Stored data entries:
···

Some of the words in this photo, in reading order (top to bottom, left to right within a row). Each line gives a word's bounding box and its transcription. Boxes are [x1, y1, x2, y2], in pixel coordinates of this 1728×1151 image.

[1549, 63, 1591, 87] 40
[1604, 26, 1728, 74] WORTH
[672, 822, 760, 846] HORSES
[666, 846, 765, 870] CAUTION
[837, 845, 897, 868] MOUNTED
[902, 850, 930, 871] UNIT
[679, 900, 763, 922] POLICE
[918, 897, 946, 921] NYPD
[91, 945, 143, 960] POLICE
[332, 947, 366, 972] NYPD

···

WHAT THE EXERCISE ASKS: Your task is to repeat each of the records above exactly.

EXERCISE OUTPUT:
Some of the words in this photo, in reading order (top to bottom, left to right within a row). Each line gives a word's bounding box and its transcription. Boxes are [x1, y1, x2, y2], in pixel coordinates of this 1728×1151 image.

[1549, 63, 1591, 87] 40
[1604, 26, 1728, 74] WORTH
[672, 822, 760, 846] HORSES
[666, 846, 765, 870] CAUTION
[837, 845, 897, 868] MOUNTED
[902, 850, 930, 871] UNIT
[679, 900, 763, 922] POLICE
[918, 897, 946, 921] NYPD
[91, 945, 143, 960] POLICE
[332, 947, 366, 972] NYPD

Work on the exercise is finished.